Il buttafuori lo fissò sospettoso, chiamò qualcuno via radio e lo trattenne. Poco dopo arrivarono due persone in abiti costosi. Lo presero ciascuno per un braccio e lo portarono in un locale di servizio.

— Cosa ti salta in mente di venire qui?! — esplose una donna elegante, la madre dello sposo. — Questo non è il tuo posto. Vattene!

— Vi prego… volevo solo vedere mia figlia… — mormorò l’uomo.
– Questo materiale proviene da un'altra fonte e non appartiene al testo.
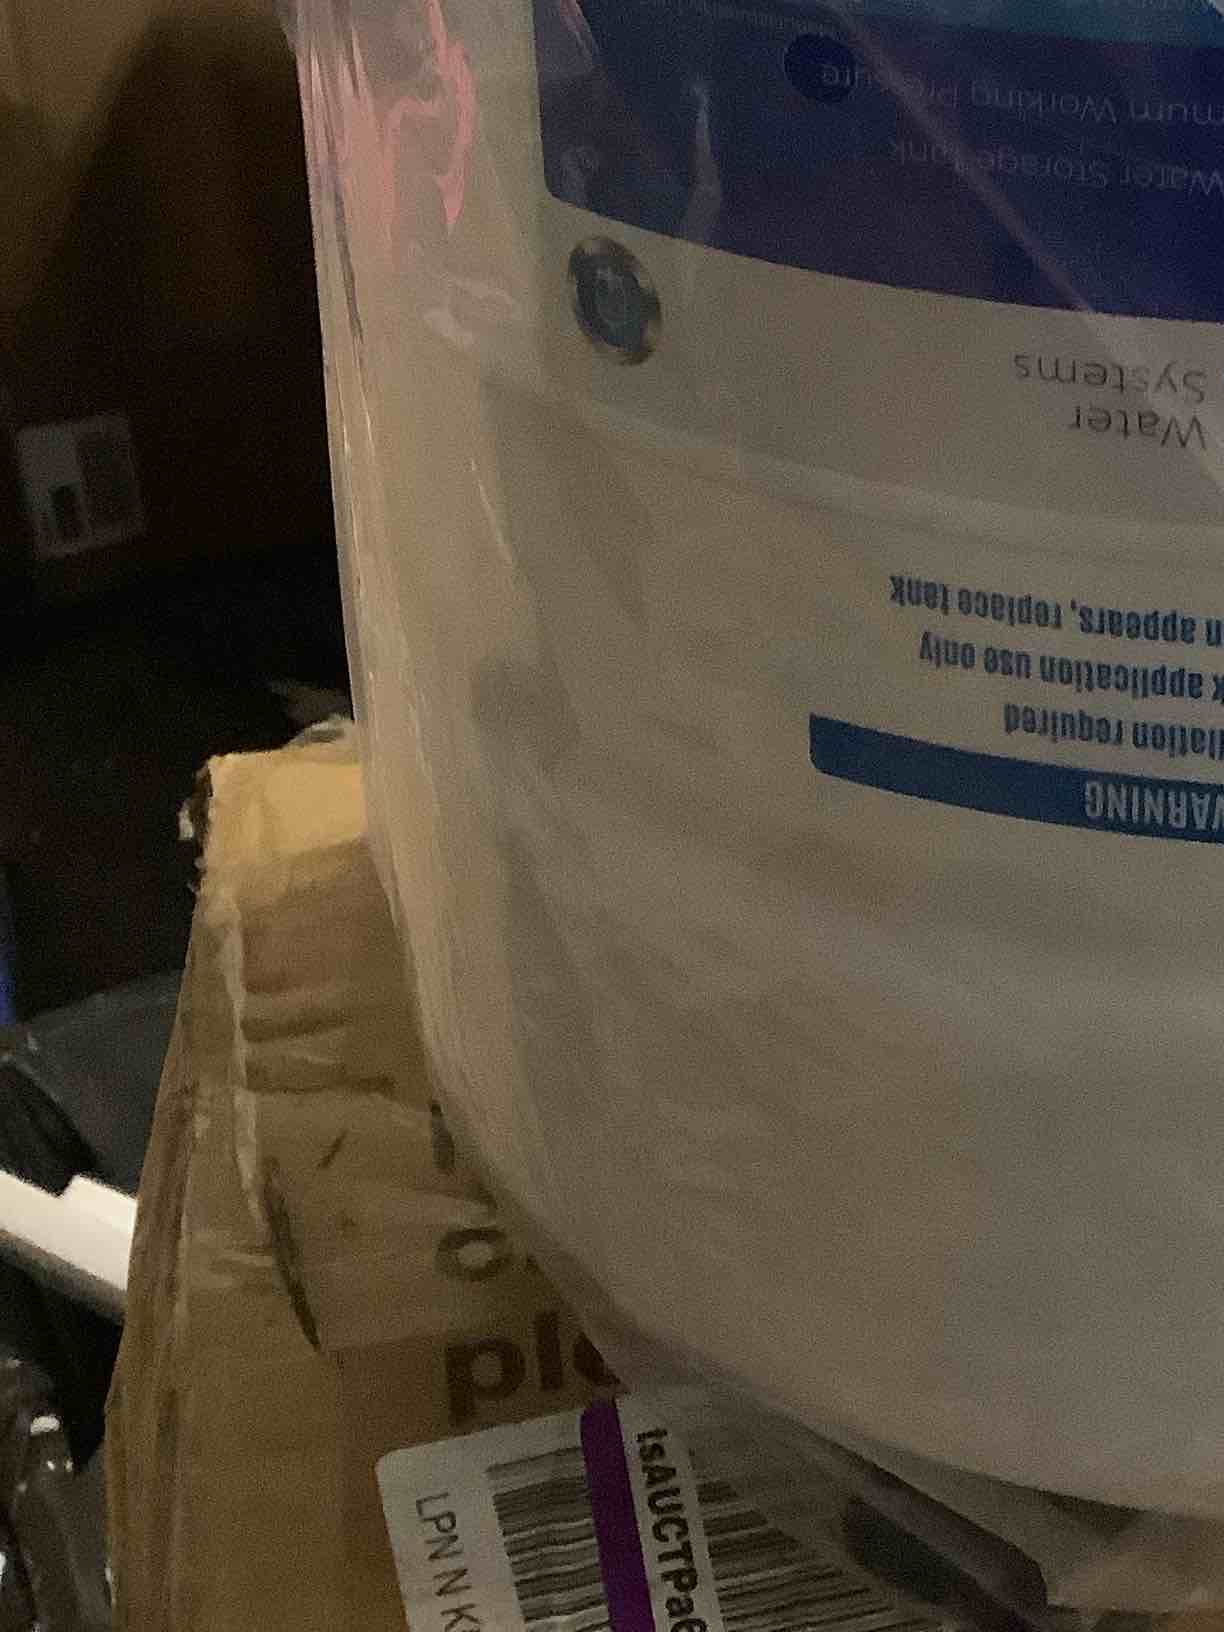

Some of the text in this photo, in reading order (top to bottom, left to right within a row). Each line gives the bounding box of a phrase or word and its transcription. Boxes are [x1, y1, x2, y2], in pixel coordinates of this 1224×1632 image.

[970, 79, 1117, 125] Working
[975, 145, 1110, 191] Storage
[1011, 352, 1208, 403] Systems
[1065, 403, 1208, 452] Water
[888, 574, 951, 615] tank
[956, 587, 1063, 632] replace
[1068, 600, 1197, 648] appears,
[919, 631, 977, 672] only
[982, 649, 1032, 685] use
[1039, 654, 1204, 703] application
[1003, 704, 1124, 748] required
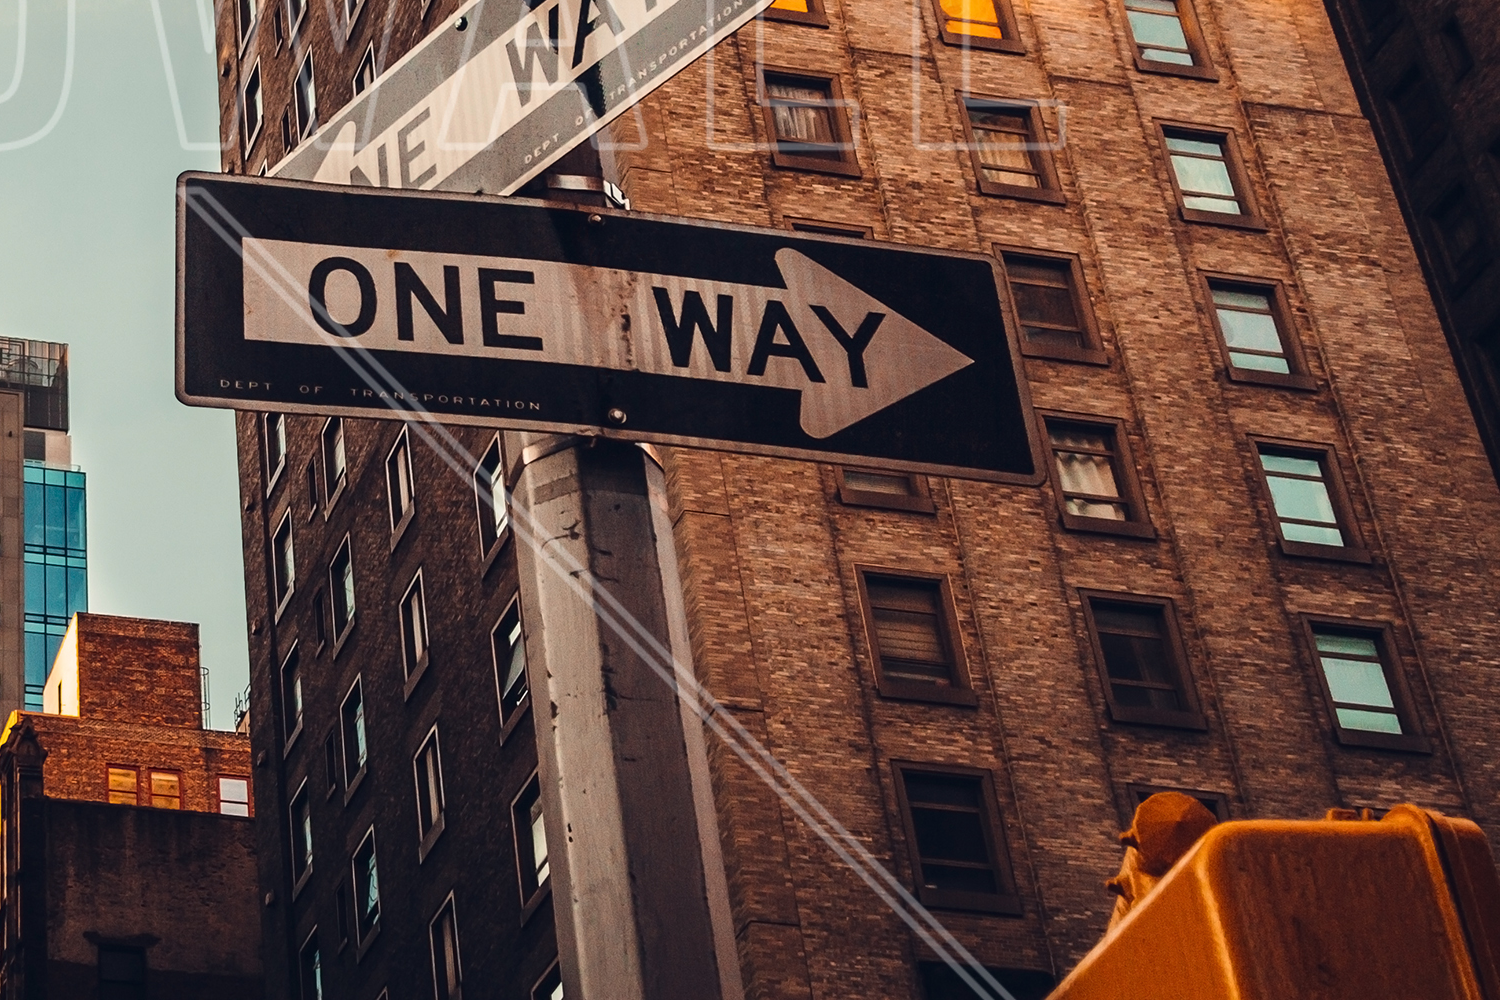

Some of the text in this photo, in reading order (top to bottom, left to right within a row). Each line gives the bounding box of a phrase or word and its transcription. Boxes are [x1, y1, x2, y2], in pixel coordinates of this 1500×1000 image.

[524, 133, 560, 164] DEPT
[308, 255, 887, 389] ONE WAY
[220, 378, 541, 411] DEPT OF TRANSPORTATION
Le sue parole suscitarono solo gelo.
— Qui conosciamo tutti, — ribatté lei con aria di disprezzo. — Ma tu? Chi sei?

— Mi chiamo Vasilij Igorevič, — disse con dignità, porgendo la mano.

La donna non la strinse. Si scostò, come se temesse di sporcarsi.
— Guarda come sei ridotto… — commentò. — Non puoi rovinare la festa con la tua miseria.
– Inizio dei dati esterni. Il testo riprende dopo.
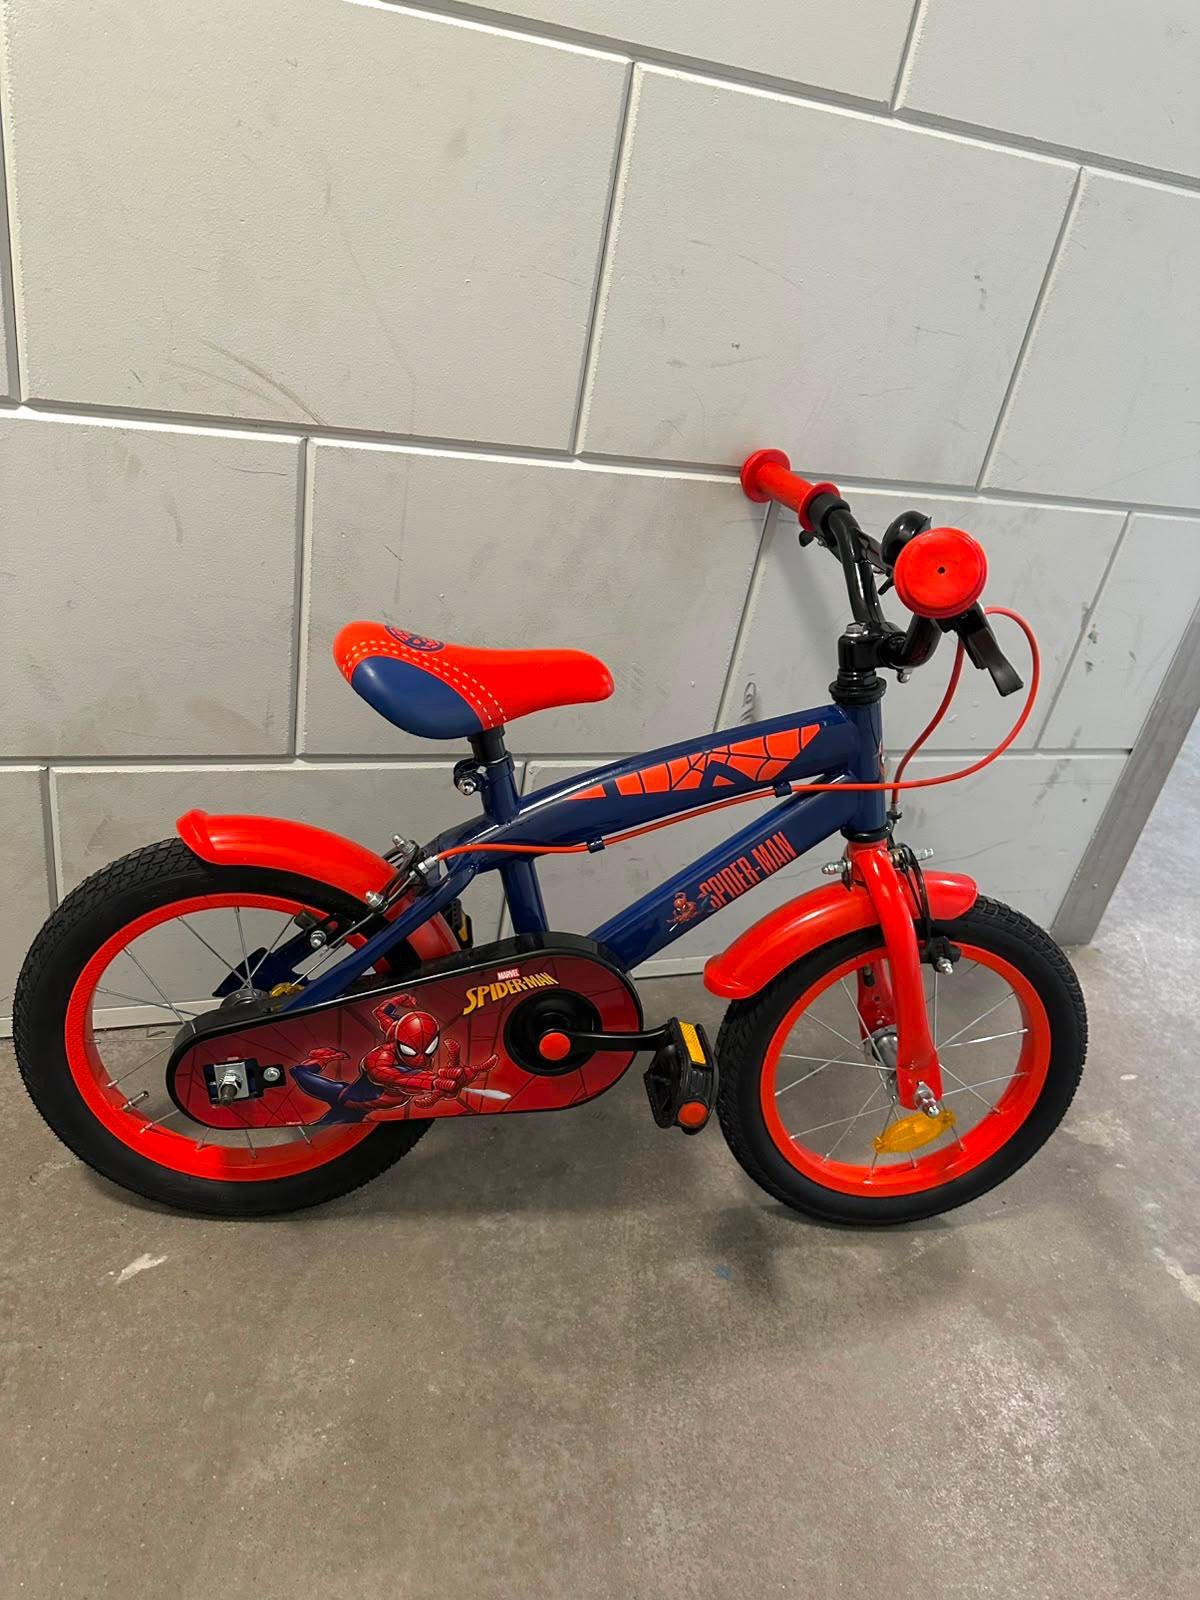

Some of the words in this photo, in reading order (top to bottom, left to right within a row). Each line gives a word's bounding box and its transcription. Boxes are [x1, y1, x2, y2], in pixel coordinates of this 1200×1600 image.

[698, 831, 798, 909] SPIDER-MAN
[463, 972, 559, 1015] SPIDER-MAN
[497, 968, 520, 980] MARVEL
Il vecchio abbassò lo sguardo sulle sue scarpe consumate, poi su quelle lucide dell’uomo che aveva di fronte. Con un sospiro profondo, accettò in silenzio l’umiliazione.

In realtà, Jana era davvero sua figlia. Non la vedeva da venticinque anni.

La sua mente tornò al passato: alla moglie malata, alle cure costose, alla disperazione di non poter mantenere la bambina. Aveva deciso, in un momento di debolezza, di affidarla a un istituto, sperando di riprenderla presto. Ma quando tornò, era troppo tardi: l’orfanotrofio era stato chiuso, e i bambini trasferiti altrove. Da allora, aveva vissuto con il rimorso.

Eppure, un miracolo lo aveva riportato da lei. Un telefono smarrito, una foto trovata per caso, e il volto di una giovane donna identica alla madre defunta. Era Jana. Da quel giorno aveva sognato solo una cosa: vederla di nuovo, anche da lontano, il giorno delle nozze.

Così, quando gli fu negato l’accesso, fece un gesto disperato. Si intrufolò nella sala, prese il microfono e iniziò a cantare. Era la ninna nanna che intonava quando la figlia era bambina, una melodia che solo loro due conoscevano.

La sala ammutolì. Tutti ascoltarono, rapiti. Alla fine, Jana si alzò in piedi.
— Lui è mio padre, — disse con voce tremante. — Non è stato con me in tutti questi anni, ma non ha mai smesso di vivere nel mio cuore.

Corse ad abbracciarlo. Le lacrime le rigarono il volto. Anche i genitori dello sposo, così freddi poco prima, si commossero.

Con mani tremanti, Vasilij estrasse dalla tasca una scatolina avvolta in carta semplice.
— È un dono di tua madre, — sussurrò. — Lo conservavo per te.

Dentro, un antico collier di famiglia. Jana lo prese con delicatezza, come fosse un legame con il passato. Poi lo abbracciò di nuovo, senza bisogno di parole.

Il vecchio non restò a lungo. Se ne andò in silenzio, per non disturbare la festa. Tornò alla sua casa vuota, convinto di aver chiuso finalmente un cerchio.

Ma qualche giorno dopo, qualcuno bussò al suo cancello. Era Jana, con una valigia e un sorriso.
— Ti ho perdonato, papà. E ora voglio starti accanto.

Così, dopo venticinque anni, le strade di padre e figlia si ricongiunsero.